BEGIN Exercise inputs
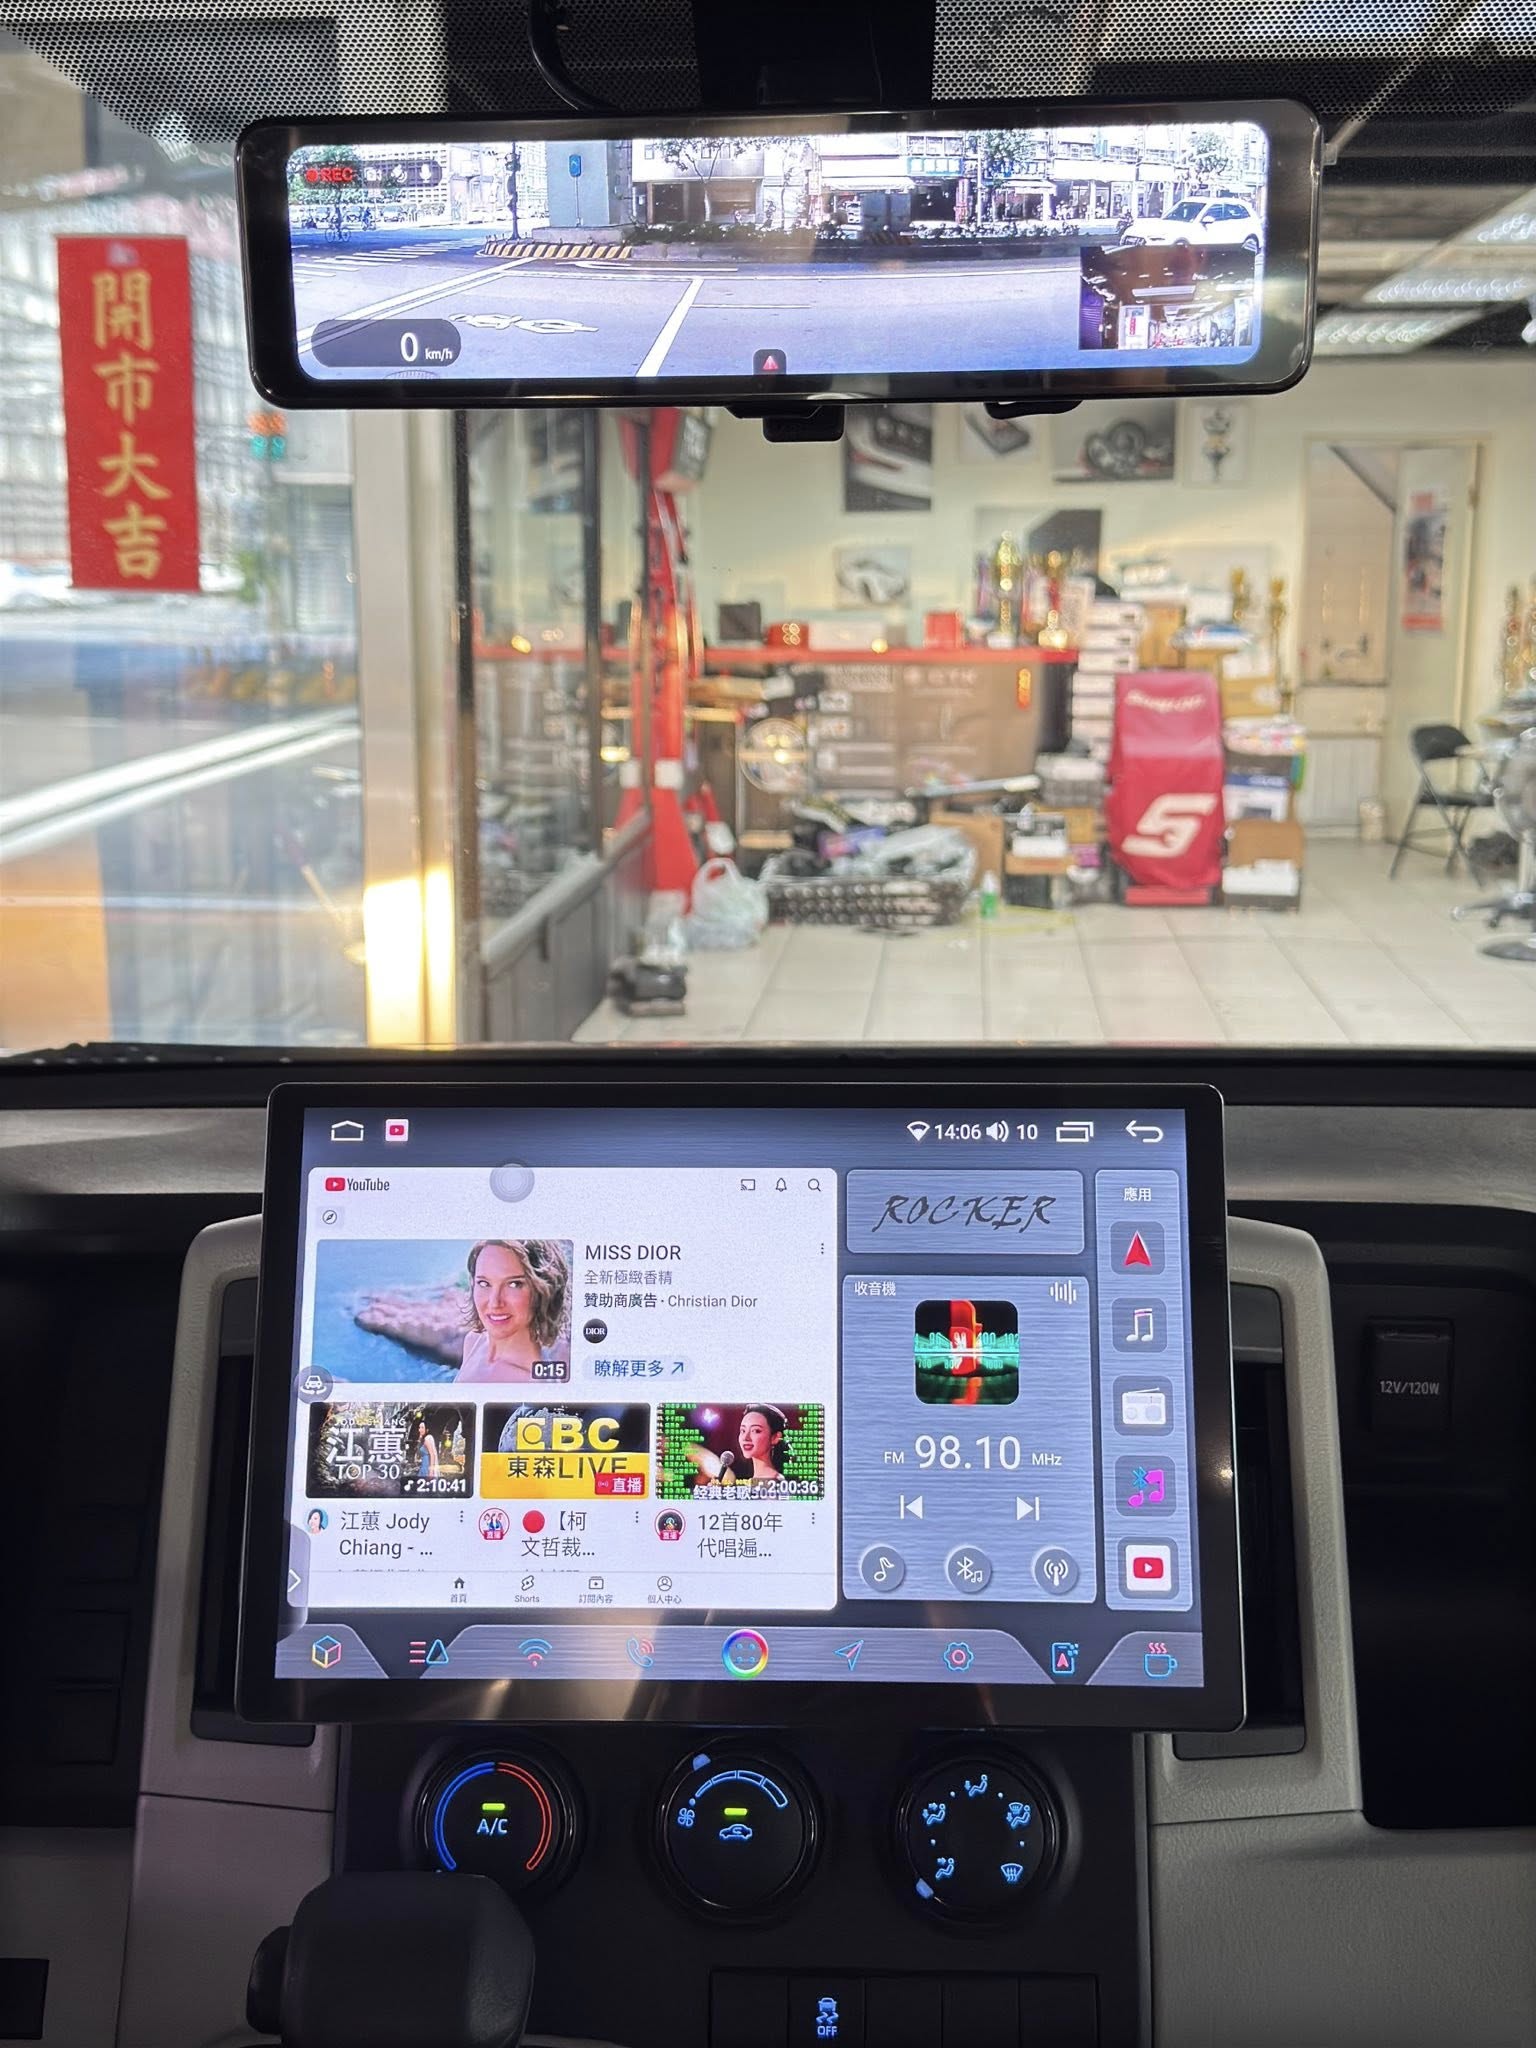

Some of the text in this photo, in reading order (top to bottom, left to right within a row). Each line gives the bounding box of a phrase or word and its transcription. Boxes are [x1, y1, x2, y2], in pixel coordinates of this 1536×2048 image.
END Exercise inputs
BEGIN Exercise inputs
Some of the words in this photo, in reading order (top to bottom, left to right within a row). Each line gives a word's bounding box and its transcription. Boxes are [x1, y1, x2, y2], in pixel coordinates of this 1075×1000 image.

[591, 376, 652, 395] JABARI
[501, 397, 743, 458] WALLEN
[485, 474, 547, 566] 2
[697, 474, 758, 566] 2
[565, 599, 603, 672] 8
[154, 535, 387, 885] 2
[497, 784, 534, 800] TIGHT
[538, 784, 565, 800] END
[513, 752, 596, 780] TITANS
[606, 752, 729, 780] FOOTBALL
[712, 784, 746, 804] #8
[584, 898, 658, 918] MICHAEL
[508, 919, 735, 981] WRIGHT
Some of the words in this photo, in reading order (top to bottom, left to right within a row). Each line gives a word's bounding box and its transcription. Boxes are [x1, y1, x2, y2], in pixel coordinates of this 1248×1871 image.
END Exercise inputs
BEGIN Exercise inputs
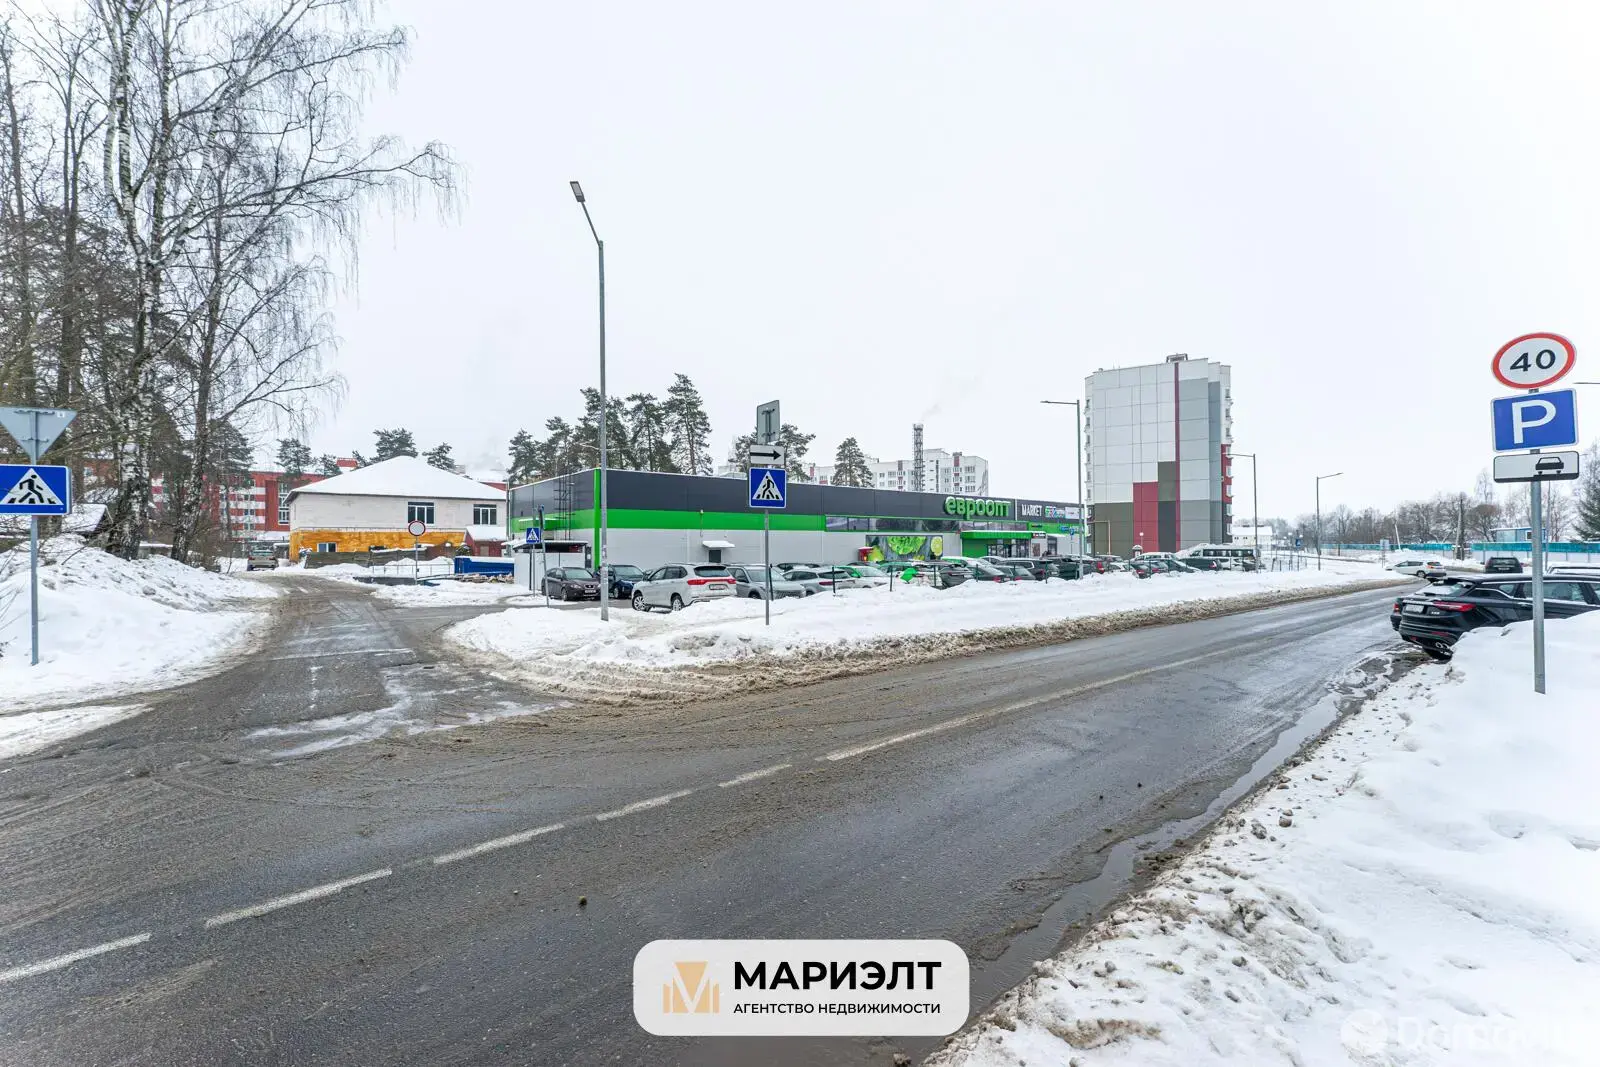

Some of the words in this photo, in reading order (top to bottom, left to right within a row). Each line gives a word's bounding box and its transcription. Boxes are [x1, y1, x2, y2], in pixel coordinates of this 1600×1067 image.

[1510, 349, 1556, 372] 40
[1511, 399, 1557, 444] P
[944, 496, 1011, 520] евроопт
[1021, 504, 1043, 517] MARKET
END Exercise inputs
> _What needs to be done_: After locating the line with "this 1075×1000 image." above, return that line and every later line through the one with "this 1248×1871 image.", word for word and with nothing else.

> _Solution_:
Some of the words in this photo, in reading order (top to bottom, left to right within a row). Each line gives a word's bounding box and its transcription. Boxes are [x1, y1, x2, y2], in pixel coordinates of this 1075×1000 image.

[591, 376, 652, 395] JABARI
[501, 397, 743, 458] WALLEN
[485, 474, 547, 566] 2
[697, 474, 758, 566] 2
[565, 599, 603, 672] 8
[154, 535, 387, 885] 2
[497, 784, 534, 800] TIGHT
[538, 784, 565, 800] END
[513, 752, 596, 780] TITANS
[606, 752, 729, 780] FOOTBALL
[712, 784, 746, 804] #8
[584, 898, 658, 918] MICHAEL
[508, 919, 735, 981] WRIGHT
Some of the words in this photo, in reading order (top to bottom, left to right within a row). Each line gives a word's bounding box and its transcription. Boxes are [x1, y1, x2, y2], in pixel coordinates of this 1248×1871 image.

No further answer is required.